### About this task
From the line containing "Some of the text" through the last line of the entries, set down every line exactly and add nothing.

### Supplied data
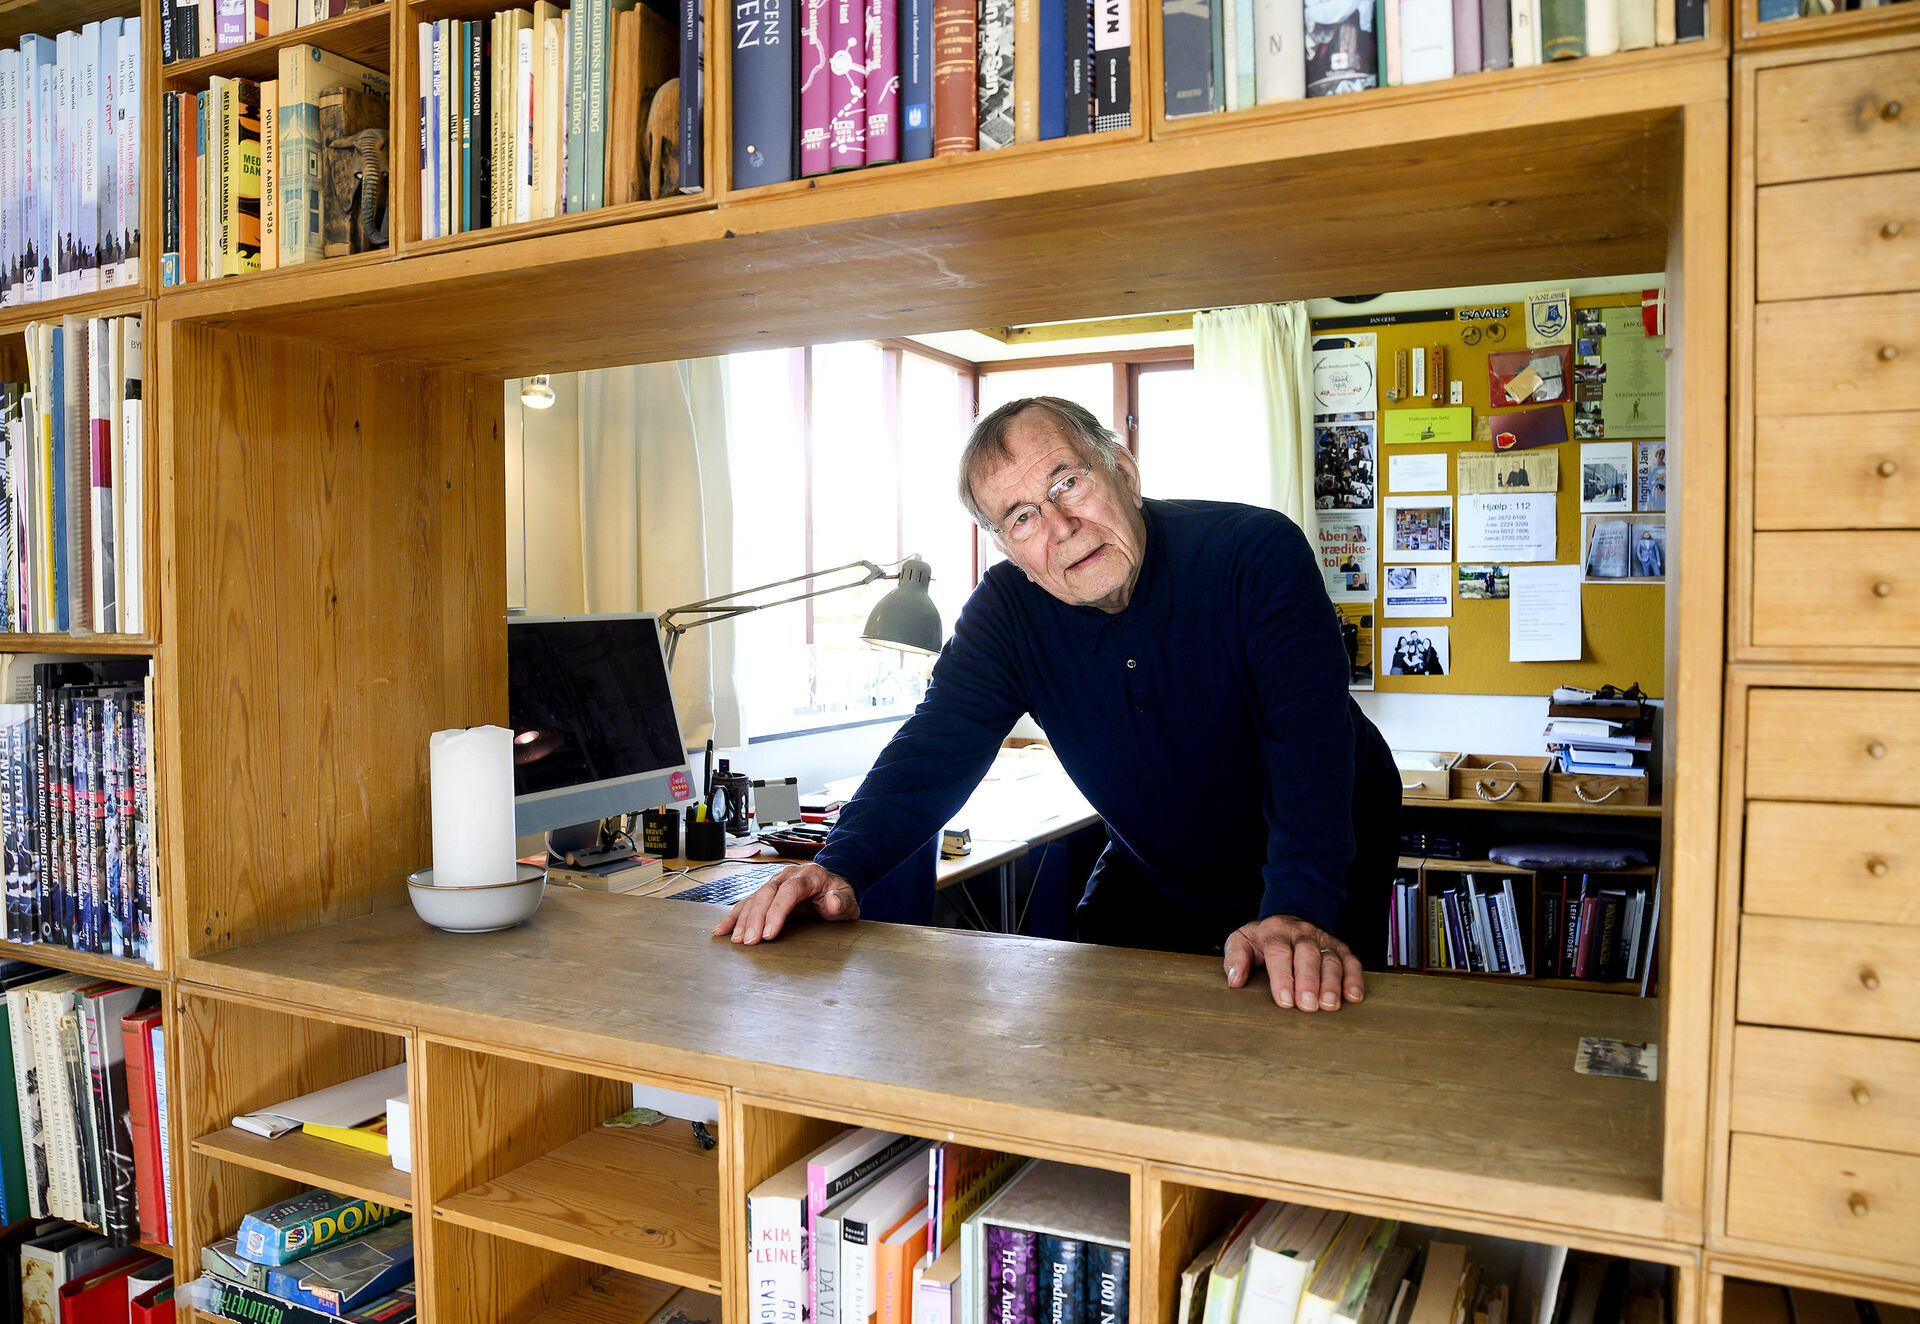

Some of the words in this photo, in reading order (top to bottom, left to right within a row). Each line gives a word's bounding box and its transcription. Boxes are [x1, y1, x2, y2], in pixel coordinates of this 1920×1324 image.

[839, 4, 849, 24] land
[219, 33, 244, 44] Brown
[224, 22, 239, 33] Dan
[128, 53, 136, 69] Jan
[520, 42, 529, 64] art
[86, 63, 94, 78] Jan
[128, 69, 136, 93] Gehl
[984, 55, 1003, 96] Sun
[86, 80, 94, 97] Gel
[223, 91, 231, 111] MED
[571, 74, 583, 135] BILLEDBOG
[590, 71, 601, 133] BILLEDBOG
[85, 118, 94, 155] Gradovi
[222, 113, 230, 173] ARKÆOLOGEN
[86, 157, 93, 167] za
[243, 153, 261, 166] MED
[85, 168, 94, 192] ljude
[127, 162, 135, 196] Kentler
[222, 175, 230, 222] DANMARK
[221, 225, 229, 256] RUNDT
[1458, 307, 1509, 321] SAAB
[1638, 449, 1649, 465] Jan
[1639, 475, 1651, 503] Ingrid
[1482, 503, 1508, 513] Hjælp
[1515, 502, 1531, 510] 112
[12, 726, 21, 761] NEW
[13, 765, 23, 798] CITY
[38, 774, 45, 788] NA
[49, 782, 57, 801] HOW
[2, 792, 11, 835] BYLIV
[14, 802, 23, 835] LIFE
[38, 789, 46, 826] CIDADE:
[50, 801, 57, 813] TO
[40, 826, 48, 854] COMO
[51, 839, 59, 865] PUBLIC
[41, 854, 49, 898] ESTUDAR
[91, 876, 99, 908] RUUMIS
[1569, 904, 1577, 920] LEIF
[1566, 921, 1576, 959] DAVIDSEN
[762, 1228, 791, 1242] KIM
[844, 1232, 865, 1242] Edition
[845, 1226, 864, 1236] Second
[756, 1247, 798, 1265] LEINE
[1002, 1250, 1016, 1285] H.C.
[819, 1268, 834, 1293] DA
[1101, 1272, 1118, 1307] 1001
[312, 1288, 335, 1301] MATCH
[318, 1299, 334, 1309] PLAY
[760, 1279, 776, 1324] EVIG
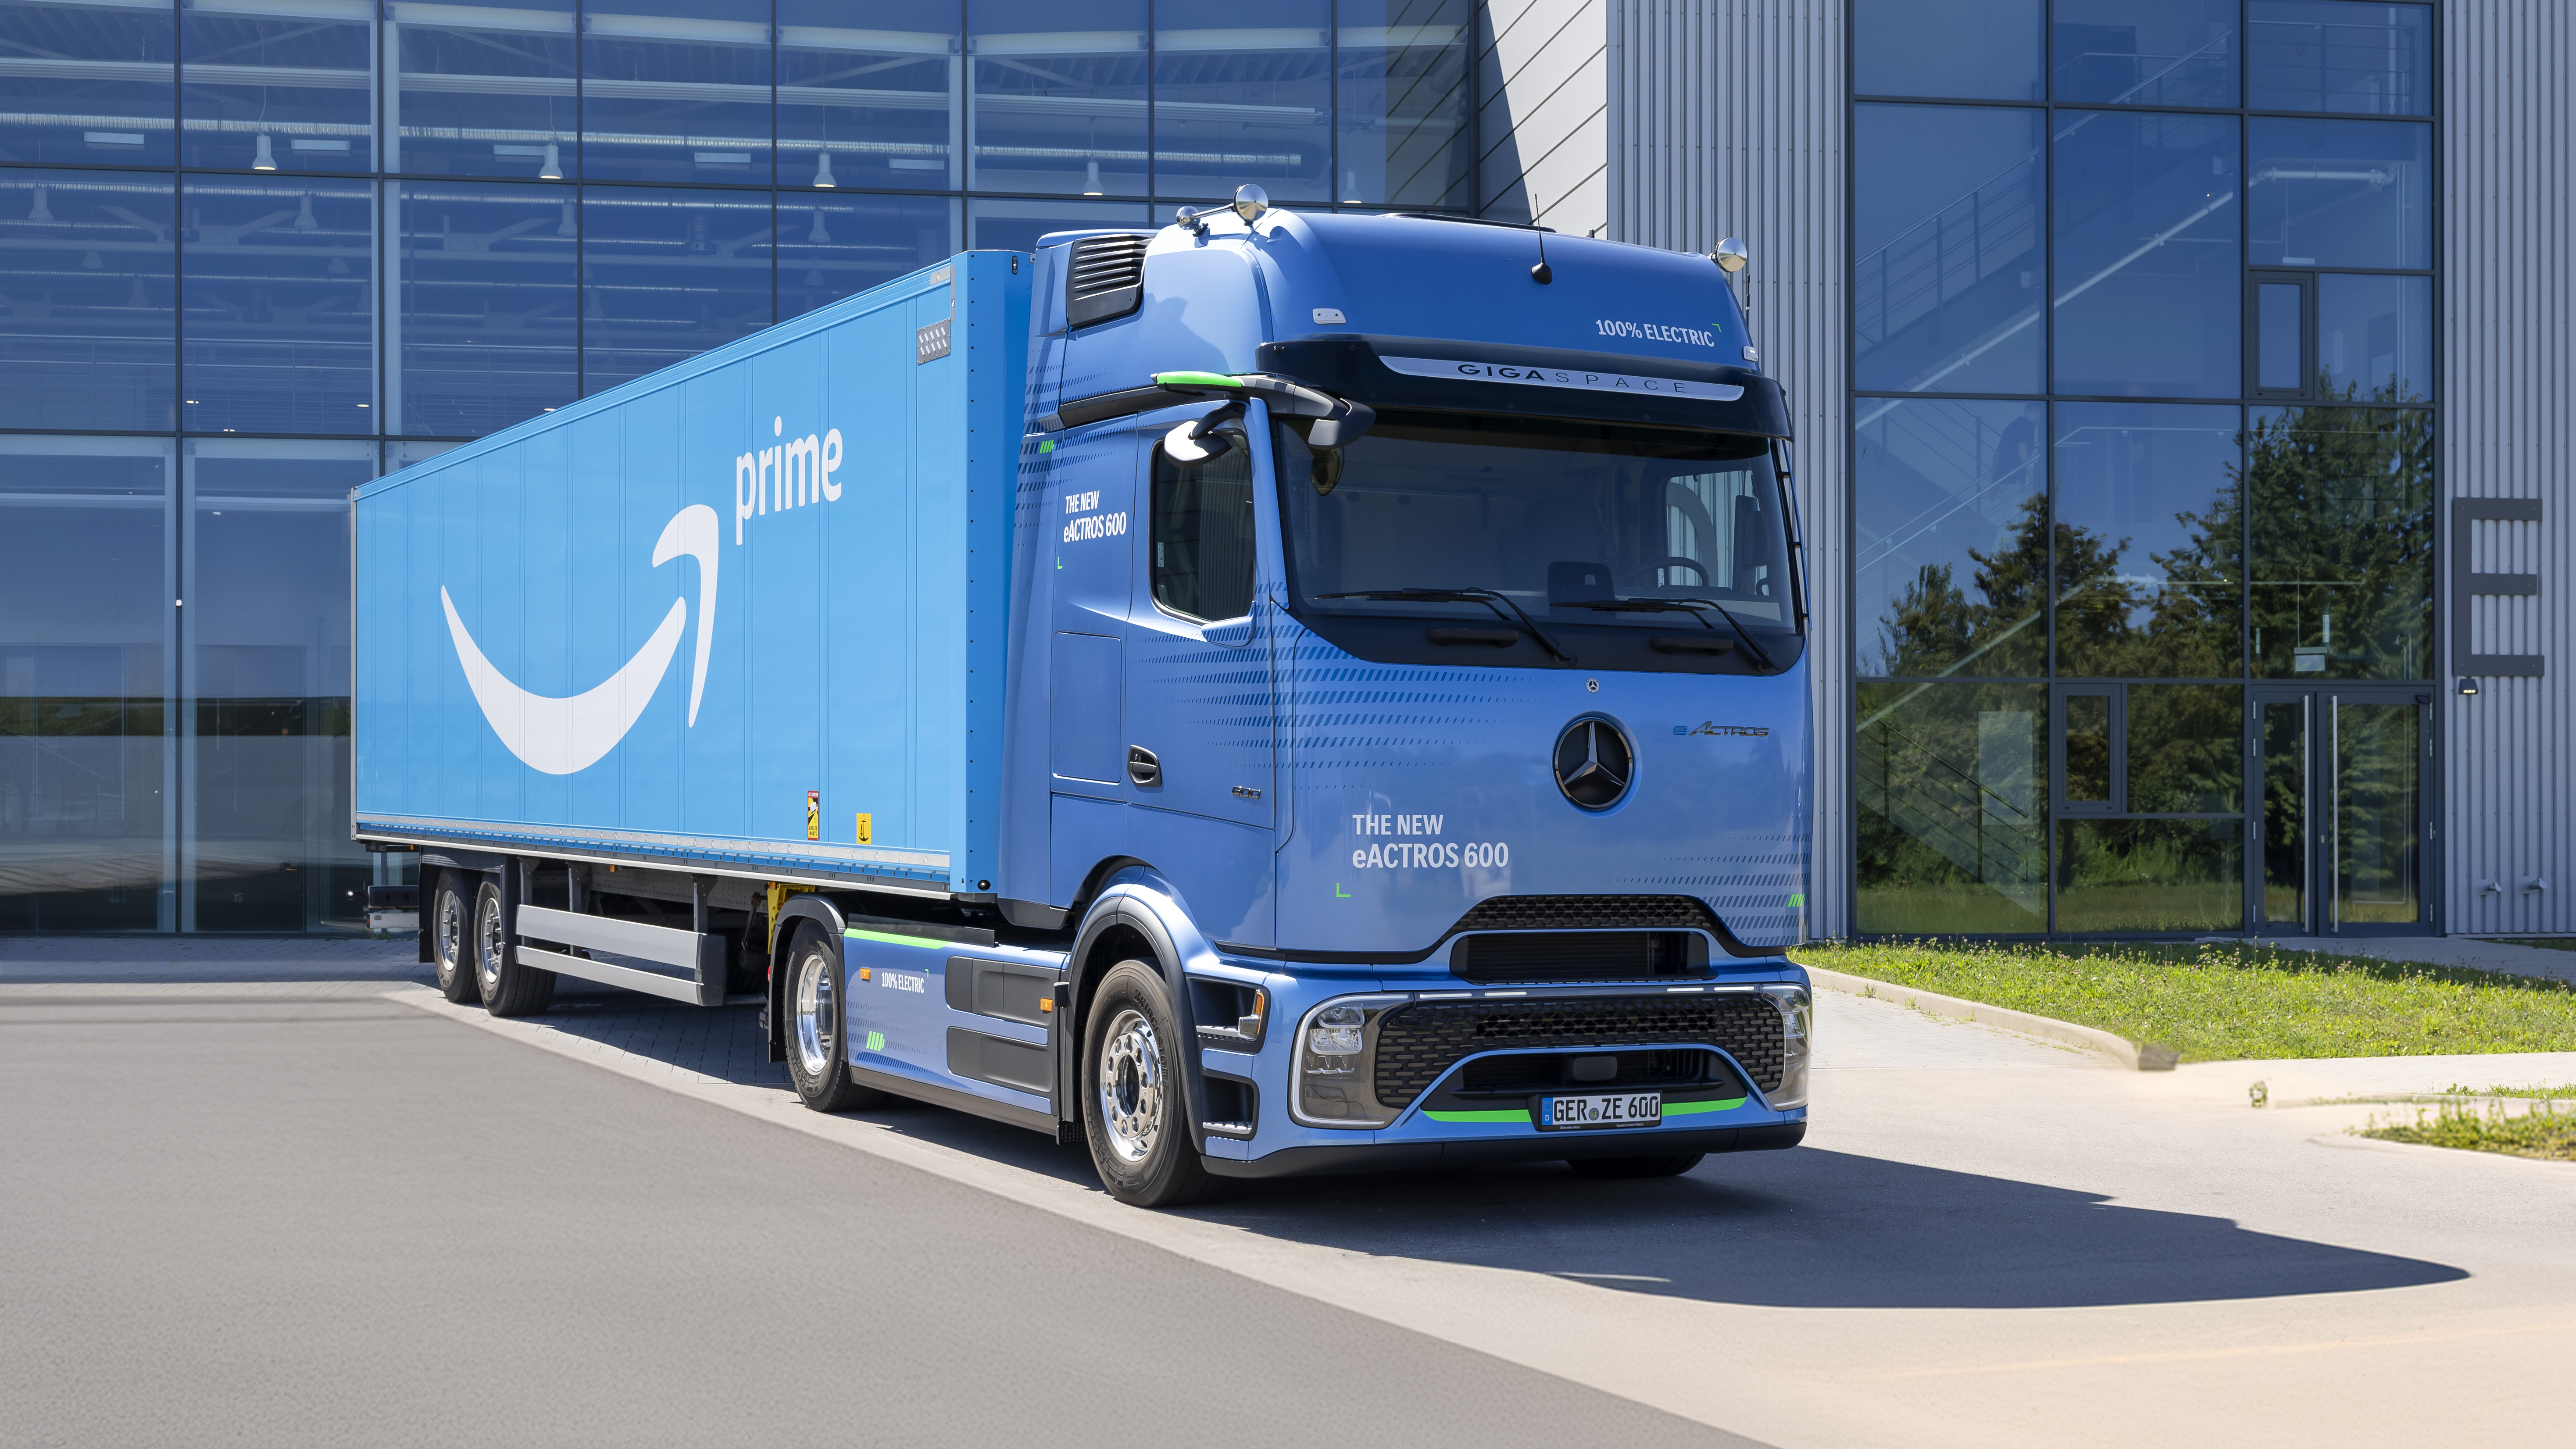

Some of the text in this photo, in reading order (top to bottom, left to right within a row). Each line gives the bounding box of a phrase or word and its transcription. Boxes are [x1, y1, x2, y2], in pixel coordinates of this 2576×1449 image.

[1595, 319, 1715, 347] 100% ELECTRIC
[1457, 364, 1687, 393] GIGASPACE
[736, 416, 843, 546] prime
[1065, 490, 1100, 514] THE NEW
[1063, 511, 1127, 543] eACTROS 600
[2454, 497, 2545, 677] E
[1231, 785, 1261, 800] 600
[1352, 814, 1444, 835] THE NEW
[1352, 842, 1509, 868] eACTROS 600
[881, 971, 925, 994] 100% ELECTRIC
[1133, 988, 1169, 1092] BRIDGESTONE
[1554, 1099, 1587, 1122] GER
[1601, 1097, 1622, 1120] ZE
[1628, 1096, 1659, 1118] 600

### Answer space
Some of the text in this photo, in reading order (top to bottom, left to right within a row). Each line gives the bounding box of a phrase or word and its transcription. Boxes are [x1, y1, x2, y2], in pixel coordinates of this 2576×1449 image.

[1595, 319, 1715, 347] 100% ELECTRIC
[1457, 364, 1687, 393] GIGASPACE
[736, 416, 843, 546] prime
[1065, 490, 1100, 514] THE NEW
[1063, 511, 1127, 543] eACTROS 600
[2454, 497, 2545, 677] E
[1231, 785, 1261, 800] 600
[1352, 814, 1444, 835] THE NEW
[1352, 842, 1509, 868] eACTROS 600
[881, 971, 925, 994] 100% ELECTRIC
[1133, 988, 1169, 1092] BRIDGESTONE
[1554, 1099, 1587, 1122] GER
[1601, 1097, 1622, 1120] ZE
[1628, 1096, 1659, 1118] 600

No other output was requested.